Щуплый мужичонка выкатил грудь колесом, дабы все видели бляху-пентакль из синего серебра – знак кладбищенских надзирателей. Для пущей важности сторож насупил кустистые брови и встопорщил бороду веником. В иной раз можно было бы посмеяться. Но сейчас Анри торопилась.
– Тихий Трибунал! – рявкнула она, делая видимым клеймо на щеке.
– И лейб-малефициум, – солидно прогудел Мускулюс, отмахиваясь по-казенному. На ладони малефика полыхнула зеленым огнем эмблема службы: змея пятью кольцами обвила кинжал.
Сторож поспешил вытянуться во фрунт.
– У нас все чин чинарем! Жмурики… в смысле, усопшая братия на месте, согласно описи. Можете убедиться.
– Убедимся, – зловеще пообещала вигилла.
И указала спутникам в глубину кладбища, куда рвался возбужденный Лю:
– Вы идите, я догоню. Сударь надзиратель, кто дежурил позапрошлой ночью?
– Я, ваша честь!
Какого рожна сторожу подвернулся на язык судейский титул, Анри не поняла.
– Ничего подозрительного не заметили? Телеги, повозки? Люди незнакомые?
– Подозрений не было, ваша честь! Похороны – это да, имели место. Два раза.
– Ночью?!
– А что, ночью не мрут? – в свою очередь удивился сторож. – И мрут, и хоронят. Мы круглосуточно работаем, до последнего клиента. Ежели не верите, справьтесь в окружной покойницкой.
Он ел Анри взглядом и дергал себя за бороду. Будто раздумывал: а не оторвать ли ее, кудлатую, к пёсьим шлёпам?
– Два раза? В котором часу?
Тон Анри сбавила. Человек при исполнении, к чему на него орать? Вигилла чуяла не хуже собаки: добыча рядом. Серьезная, сочная добыча, не дохлый фактик или сухая улика. Осталось догнать, вцепиться и хлебнуть живой крови.
– Первые-то еще до полуночи явились. Часы не били. А вторые – заполночь. Разбудили меня, окаянные! Я сплю чутко, комар носу не подточит, а тут насилу поднялся… Ноги ватные, в брюхе щекотание…
Сторож ощутил, что вступает на скользкую стезю, и заторопился с уточнениями:
– Не пил, ваша честь! Ни капли! Это на рассвете уже, с устатку…
– Хорошо, не пили. Верю. Сами похороны видели?
– Ну-у… Краем, значит, глаза… уголком, значит…
– В ограде хоронили? За оградой?
– Ну-у…
Опустив очи долу, сторож принялся ковырять носком сапога жухлую траву.

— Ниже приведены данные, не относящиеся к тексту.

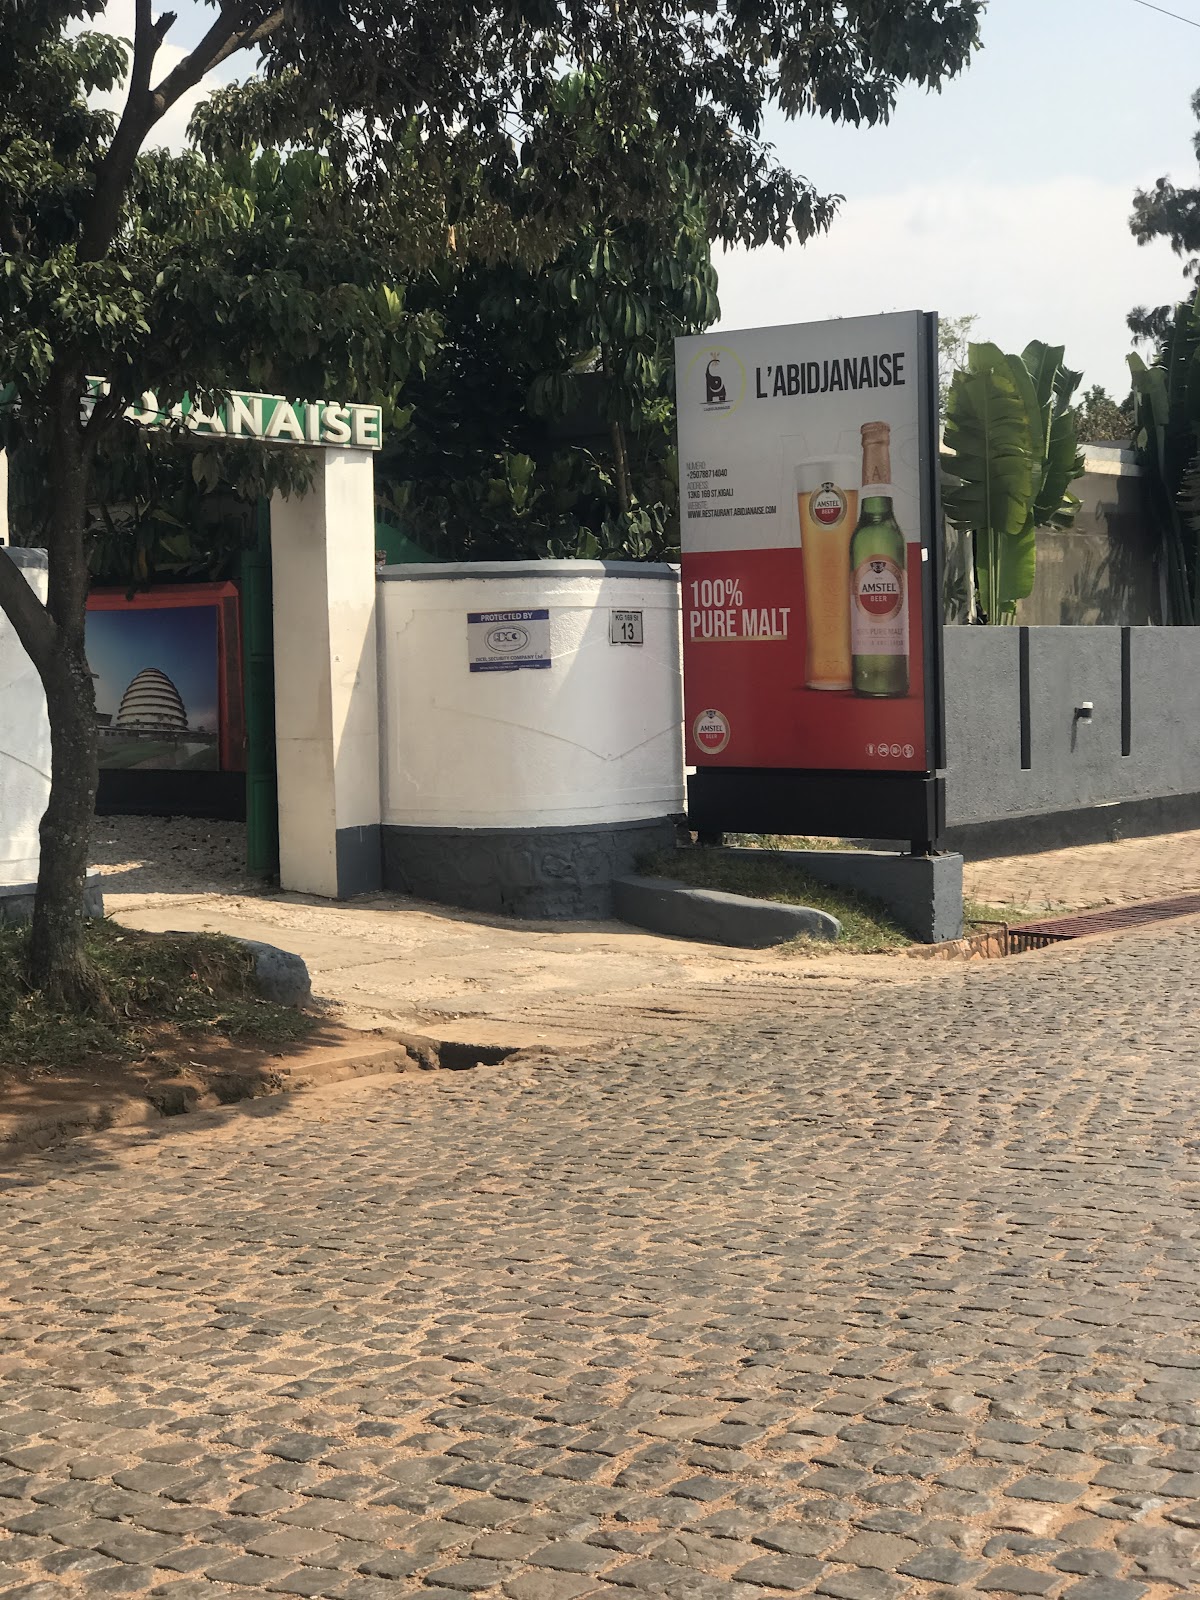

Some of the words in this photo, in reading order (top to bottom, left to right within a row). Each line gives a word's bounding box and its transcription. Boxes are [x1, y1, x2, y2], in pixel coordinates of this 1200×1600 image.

– Ясно. Не видели. Смущаться ни к чему, вы не обязаны надзирать лично за всеми рядовыми похоронами…
– Не обязан! – радостно встрепенулся мужичонка, осознав, что гроза идет стороной. – Мы тут это… чтоб не лазил, кто не надо! И чтоб непотребств не творилось. А за похоронами пущай кликуши следят, это ихний хлеб…
Прервав допрос, Анри взглянула в ту сторону, куда удалились ее спутники.
Осеннее кладбище – зрелище из особых. Царский пурпур и утонченная позолота листвы, королевские поминки по лету на фоне торжественной суровости вечнозеленых туй – верных кладбищенских плакальщиц. Серый гранит надгробий, бронза мемориальных надписей, дымчатый мрамор обелисков, черный базальт монументов, скромный туф поминальных плит. Строгость аллей и буйство красок, вспышки чахоточной страсти и разлитая в воздухе печаль. Кладбищам больше всего идет осень. Не весеннее буйство жизни, кажущееся стыдным в местах упокоения, не знойная истома лета, даже не зимний саван – осень, порог забвения.